Suppurative (Purulent) - The Pus Parade

• Hallmark: Characterized by the production of pus (purulent exudate).
• Composition: Primarily a viscous liquid of neutrophils (living, dying, and necrotic), cellular debris from liquefactive necrosis, and edema fluid.
• Causative Agents: Typically initiated by pyogenic (pus-forming) bacteria.
  • Classic culprit: Staphylococcus aureus.
• Mechanism: Potent chemoattractants lead to a massive influx of neutrophils. These cells release lysosomal enzymes that digest and liquefy tissue, forming pus.
• Clinical Forms:
  • Abscess: A localized collection of pus confined within tissue.
  • Empyema: Pus accumulation in a pre-existing body cavity (e.g., pleura).

⭐ An abscess represents a battlefield: a central core of liquefactive necrosis is surrounded by a wall of viable neutrophils, which is in turn encircled by a fibroblastic capsule as a sign of attempted repair.

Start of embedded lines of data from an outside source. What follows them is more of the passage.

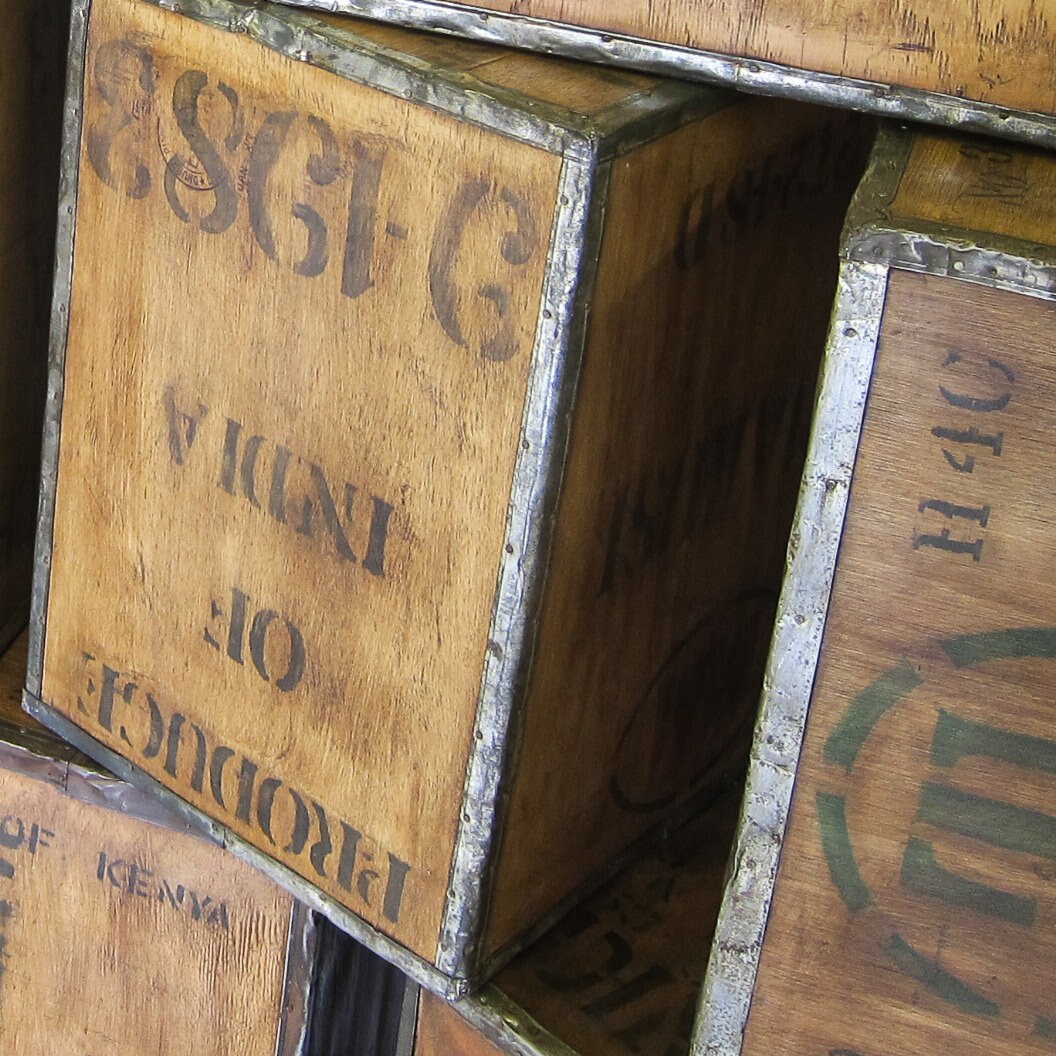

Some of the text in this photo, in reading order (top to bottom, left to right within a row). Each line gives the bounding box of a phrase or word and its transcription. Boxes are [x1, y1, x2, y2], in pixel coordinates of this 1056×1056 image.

[162, 383, 398, 580] INDIA
[203, 586, 308, 695] OF
[78, 653, 411, 926] PRODUCE
[98, 850, 230, 931] KENYA
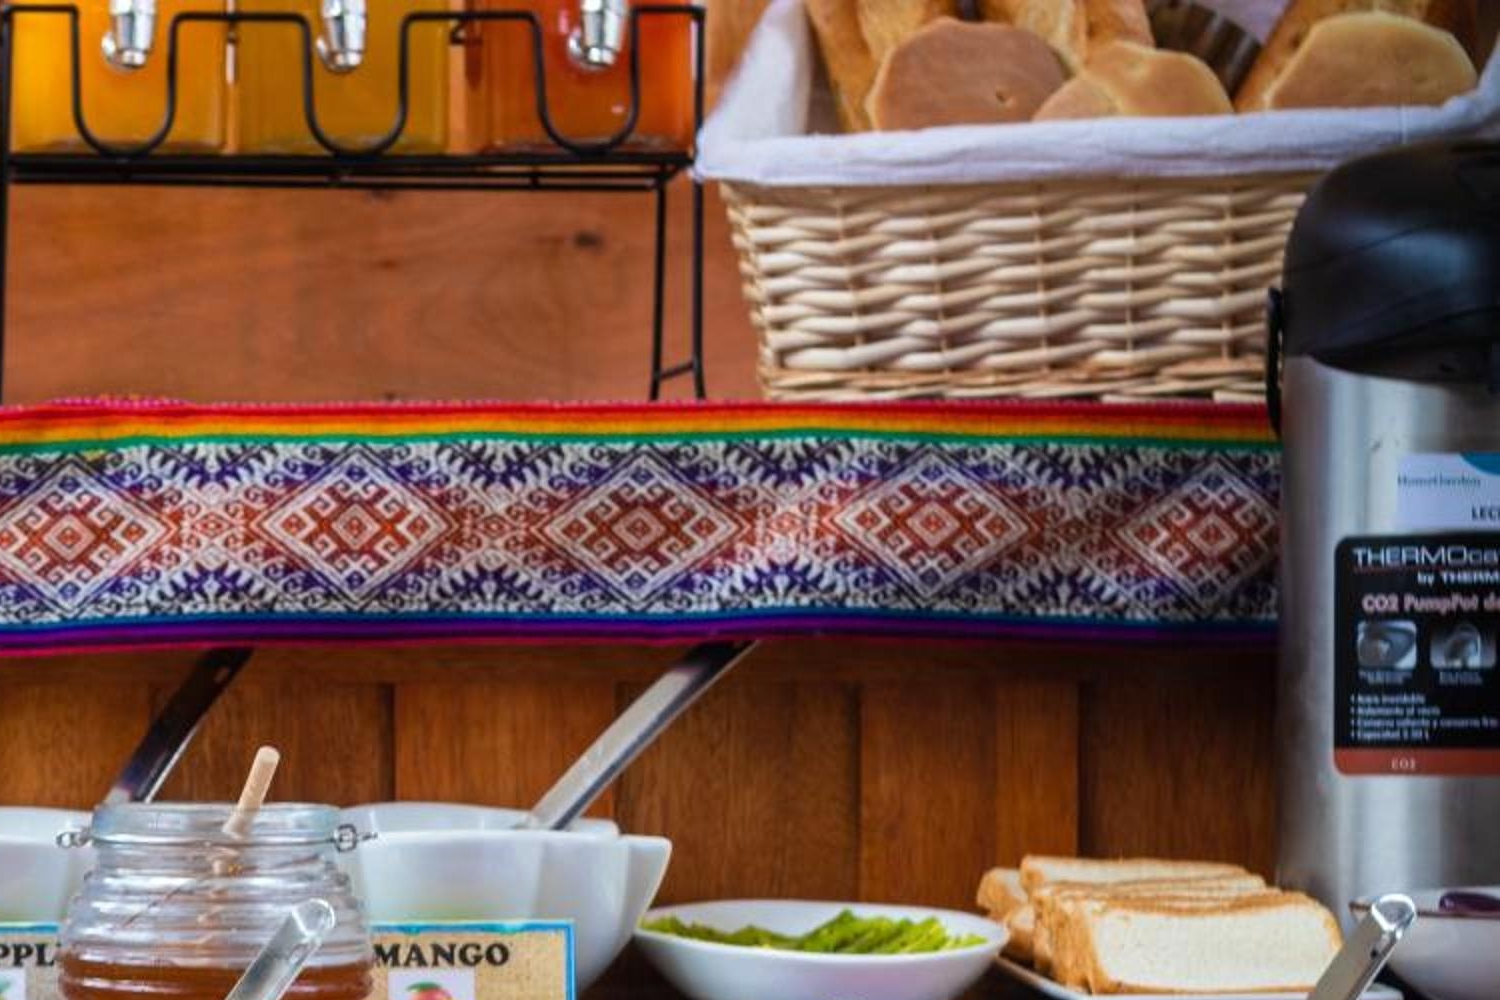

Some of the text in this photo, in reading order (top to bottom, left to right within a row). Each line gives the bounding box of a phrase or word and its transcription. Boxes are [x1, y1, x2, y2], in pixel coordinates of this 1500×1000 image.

[1471, 505, 1500, 521] LEC
[1353, 545, 1500, 567] THERMOca
[1417, 571, 1435, 587] by
[373, 943, 510, 968] MANGO

Ulcerative Inflammation - Surface Breaches

• Definition: A local defect or excavation on the surface of an organ or tissue, caused by the shedding of inflamed necrotic tissue.
• Pathogenesis: Involves a breach of the epithelial barrier, extending into the underlying submucosa or deeper, often with an acute and chronic inflammatory response in the base.
• Key Examples:
  • GI Tract: Peptic ulcers (stomach, duodenum), ulcerative colitis.
  • Oral Cavity: Aphthous ulcers.
  • Lower Extremities: Diabetic foot ulcers.

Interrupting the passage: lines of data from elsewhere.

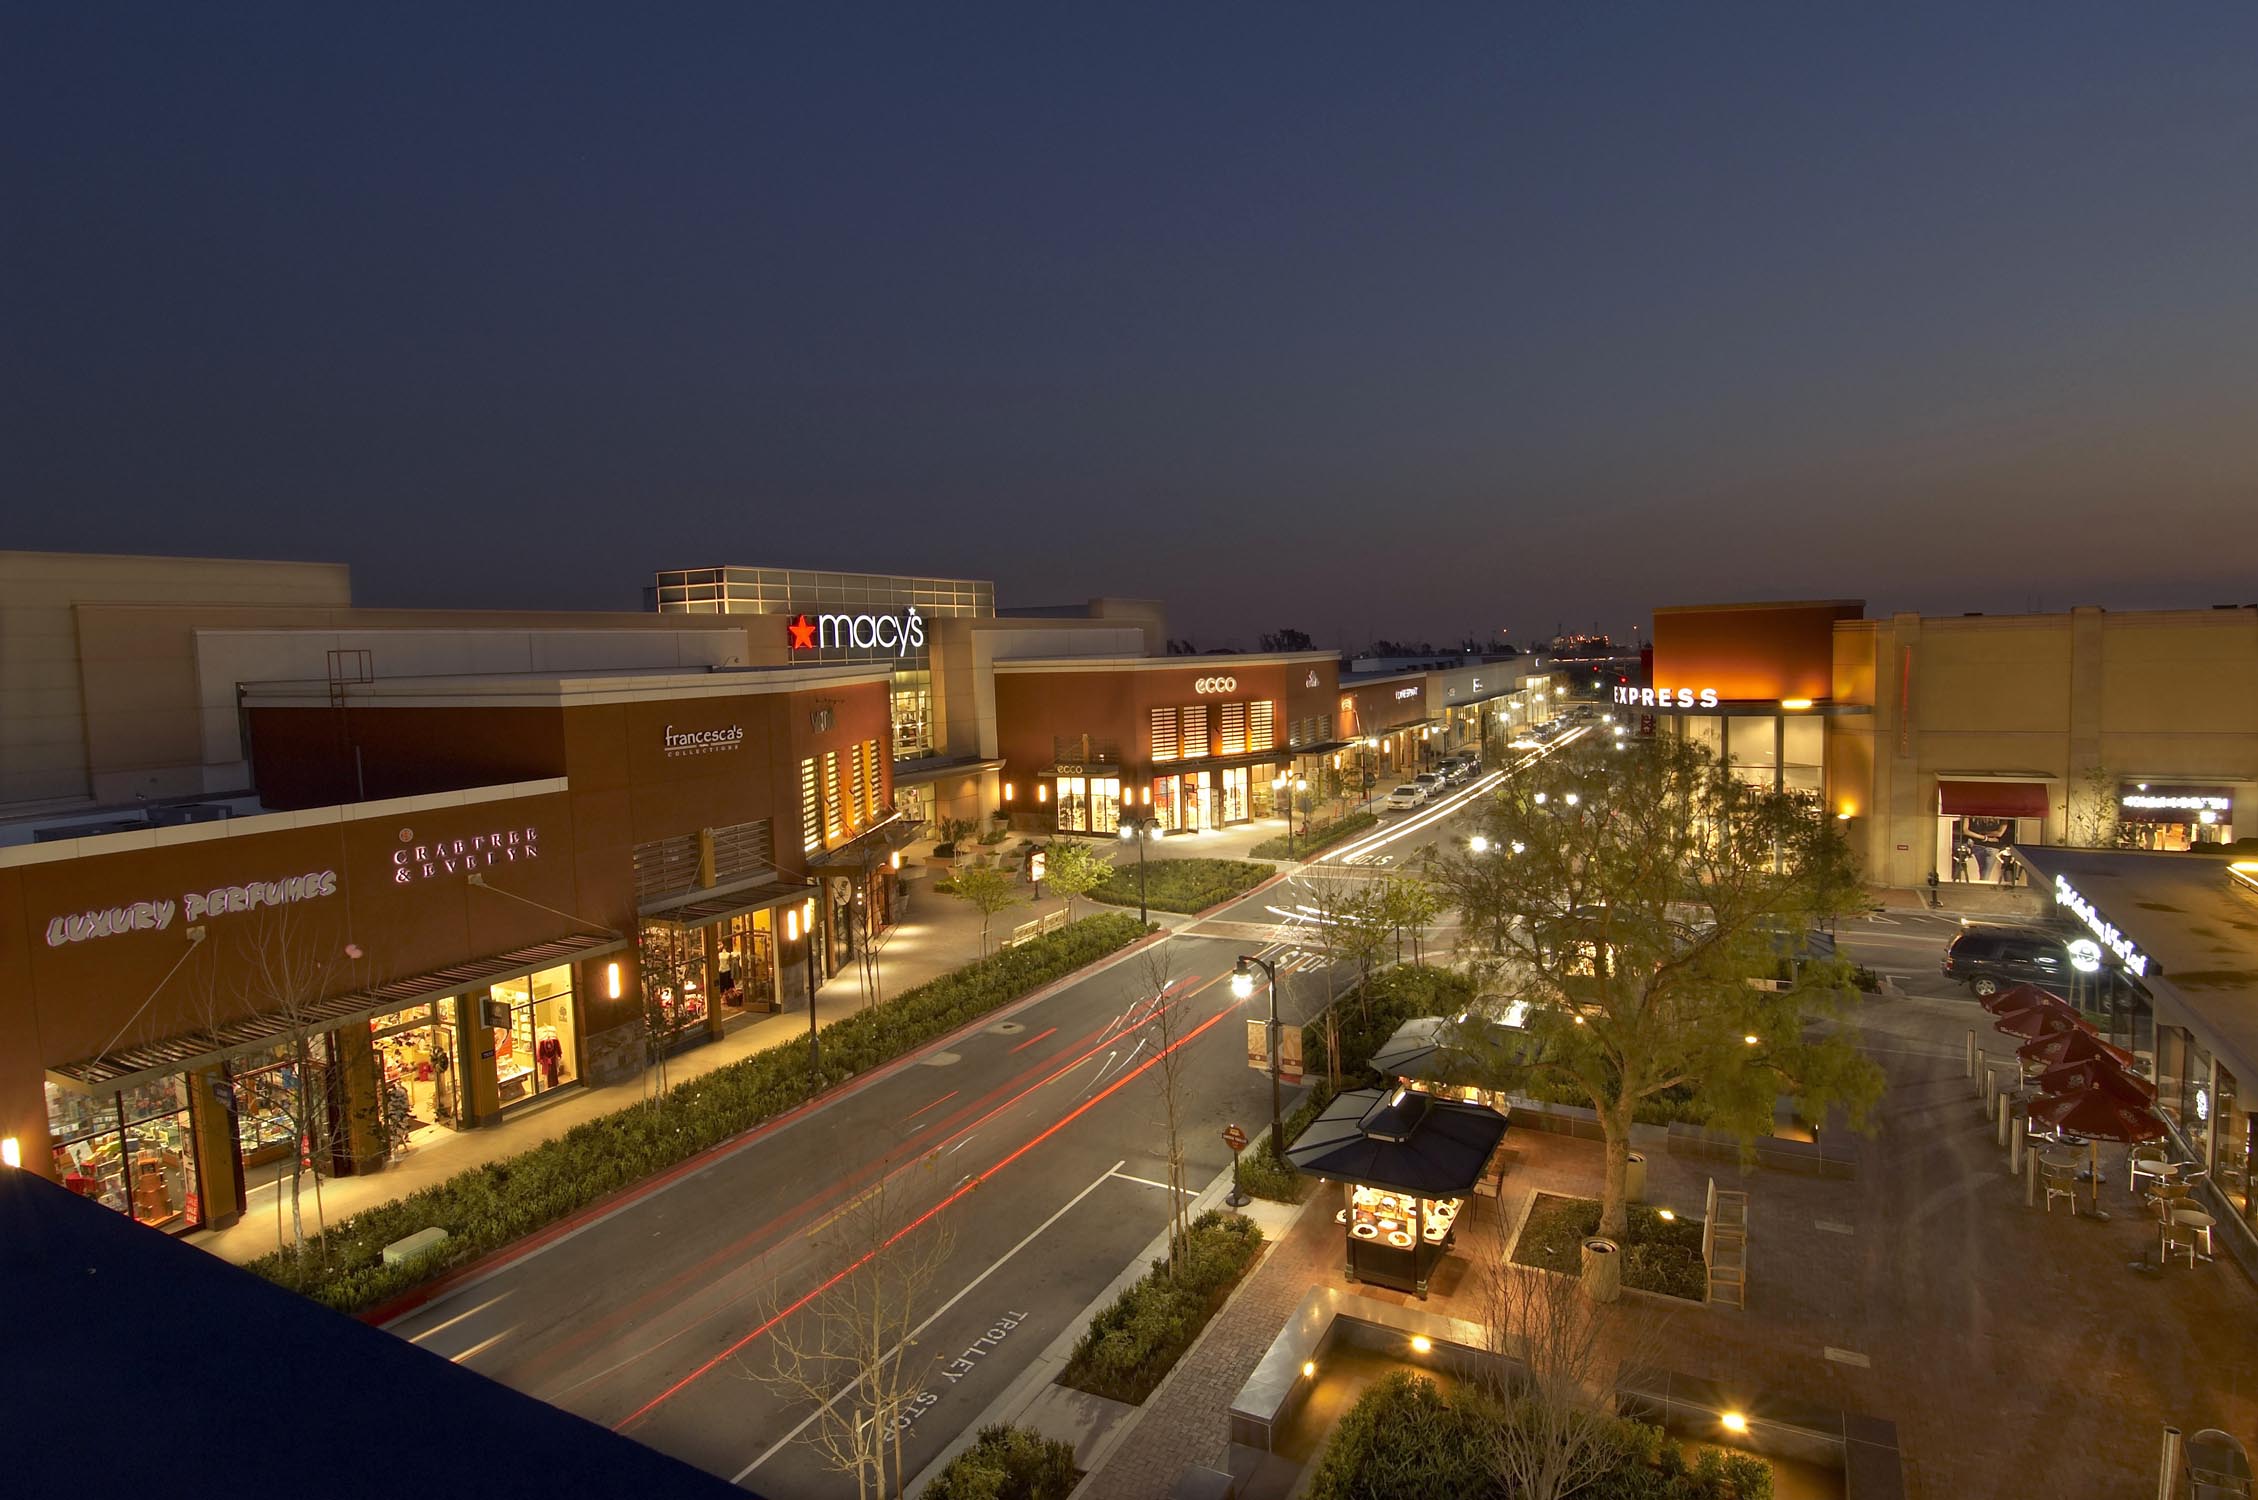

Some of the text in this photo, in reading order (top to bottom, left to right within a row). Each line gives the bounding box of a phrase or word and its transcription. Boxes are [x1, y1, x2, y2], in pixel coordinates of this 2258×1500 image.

[1195, 676, 1237, 694] ecco
[1613, 686, 1718, 708] EXPRESS
[665, 725, 743, 747] francesca's
[1057, 765, 1083, 774] ecco
[393, 827, 538, 866] CRABTREE
[395, 844, 539, 884] & EVELYN
[46, 870, 337, 947] LUXURY PERFUMES
[941, 1310, 1029, 1383] TROLLEY

⭐ A true ulcer penetrates the muscularis mucosae, whereas an erosion is a superficial breach of the epithelium. This distinction is crucial for GI pathology.

Granulomatous Inflammation - Walled-Off Warriors

• A distinct chronic inflammatory pattern; a collection of activated, "walled-off" macrophages (epithelioid histiocytes) trying to contain a persistent stimulus.
• Key Components:
  • Epithelioid histiocytes: Activated macrophages with abundant pink cytoplasm.
  • Giant cells: Fused macrophages (e.g., Langhans type in TB).
  • Lymphocytic cuff: Rim of T-cells, primarily Th1.

• Major Types:
  • Caseating: Features central necrosis. Seen in Tuberculosis, systemic fungi.
  • Non-caseating: Lacks central necrosis. Seen in Sarcoidosis, Crohn's disease, foreign body reactions.

⭐ TNF-α is critical for forming and maintaining granulomas. Patients on TNF-α inhibitors (e.g., infliximab) are at high risk for reactivating latent TB.

High‑Yield Points - ⚡ Biggest Takeaways

• Serous inflammation is characterized by thin, watery fluid (effusion), like in a skin blister.
• Fibrinous inflammation involves fibrin deposition from leaky vessels, classic in pericarditis.
• Suppurative inflammation features pus (neutrophils, debris), typically from pyogenic bacteria; an abscess is a localized collection.
• Ulcers are surface defects from the sloughing of inflamed necrotic tissue.
• Granulomatous inflammation uses activated macrophages to wall off persistent agents like TB.